Try it: Each of the following records is to be printed verbatim.
** Opening Records for this task block **
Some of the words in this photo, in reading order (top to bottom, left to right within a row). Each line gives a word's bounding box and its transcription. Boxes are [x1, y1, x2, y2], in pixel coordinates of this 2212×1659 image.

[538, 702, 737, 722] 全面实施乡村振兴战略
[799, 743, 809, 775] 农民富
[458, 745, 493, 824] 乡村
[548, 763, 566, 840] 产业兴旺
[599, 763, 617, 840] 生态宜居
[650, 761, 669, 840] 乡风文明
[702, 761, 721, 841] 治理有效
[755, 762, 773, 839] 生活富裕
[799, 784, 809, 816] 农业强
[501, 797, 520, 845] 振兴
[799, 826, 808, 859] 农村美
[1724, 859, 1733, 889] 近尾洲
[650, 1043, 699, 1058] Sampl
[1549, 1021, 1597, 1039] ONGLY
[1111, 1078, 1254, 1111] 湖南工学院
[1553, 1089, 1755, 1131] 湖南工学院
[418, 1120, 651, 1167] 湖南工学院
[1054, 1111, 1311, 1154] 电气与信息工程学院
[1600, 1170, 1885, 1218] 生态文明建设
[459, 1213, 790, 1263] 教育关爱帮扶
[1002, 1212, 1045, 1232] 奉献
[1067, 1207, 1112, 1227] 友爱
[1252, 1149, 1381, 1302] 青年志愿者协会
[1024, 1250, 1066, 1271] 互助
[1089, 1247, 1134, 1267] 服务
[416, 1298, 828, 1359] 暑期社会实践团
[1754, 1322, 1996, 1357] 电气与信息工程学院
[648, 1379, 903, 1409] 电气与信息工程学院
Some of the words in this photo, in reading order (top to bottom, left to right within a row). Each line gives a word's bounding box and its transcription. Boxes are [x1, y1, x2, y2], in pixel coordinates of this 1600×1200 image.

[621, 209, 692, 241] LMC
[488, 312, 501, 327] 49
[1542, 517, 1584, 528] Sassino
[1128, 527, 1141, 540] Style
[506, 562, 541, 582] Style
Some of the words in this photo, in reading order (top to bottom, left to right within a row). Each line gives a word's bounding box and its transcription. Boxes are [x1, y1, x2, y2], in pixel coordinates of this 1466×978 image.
** Closing Records for this task block **
Written response:
Some of the words in this photo, in reading order (top to bottom, left to right within a row). Each line gives a word's bounding box and its transcription. Boxes are [x1, y1, x2, y2], in pixel coordinates of this 2212×1659 image.

[538, 702, 737, 722] 全面实施乡村振兴战略
[799, 743, 809, 775] 农民富
[458, 745, 493, 824] 乡村
[548, 763, 566, 840] 产业兴旺
[599, 763, 617, 840] 生态宜居
[650, 761, 669, 840] 乡风文明
[702, 761, 721, 841] 治理有效
[755, 762, 773, 839] 生活富裕
[799, 784, 809, 816] 农业强
[501, 797, 520, 845] 振兴
[799, 826, 808, 859] 农村美
[1724, 859, 1733, 889] 近尾洲
[650, 1043, 699, 1058] Sampl
[1549, 1021, 1597, 1039] ONGLY
[1111, 1078, 1254, 1111] 湖南工学院
[1553, 1089, 1755, 1131] 湖南工学院
[418, 1120, 651, 1167] 湖南工学院
[1054, 1111, 1311, 1154] 电气与信息工程学院
[1600, 1170, 1885, 1218] 生态文明建设
[459, 1213, 790, 1263] 教育关爱帮扶
[1002, 1212, 1045, 1232] 奉献
[1067, 1207, 1112, 1227] 友爱
[1252, 1149, 1381, 1302] 青年志愿者协会
[1024, 1250, 1066, 1271] 互助
[1089, 1247, 1134, 1267] 服务
[416, 1298, 828, 1359] 暑期社会实践团
[1754, 1322, 1996, 1357] 电气与信息工程学院
[648, 1379, 903, 1409] 电气与信息工程学院
Some of the words in this photo, in reading order (top to bottom, left to right within a row). Each line gives a word's bounding box and its transcription. Boxes are [x1, y1, x2, y2], in pixel coordinates of this 1600×1200 image.

[621, 209, 692, 241] LMC
[488, 312, 501, 327] 49
[1542, 517, 1584, 528] Sassino
[1128, 527, 1141, 540] Style
[506, 562, 541, 582] Style
Some of the words in this photo, in reading order (top to bottom, left to right within a row). Each line gives a word's bounding box and its transcription. Boxes are [x1, y1, x2, y2], in pixel coordinates of this 1466×978 image.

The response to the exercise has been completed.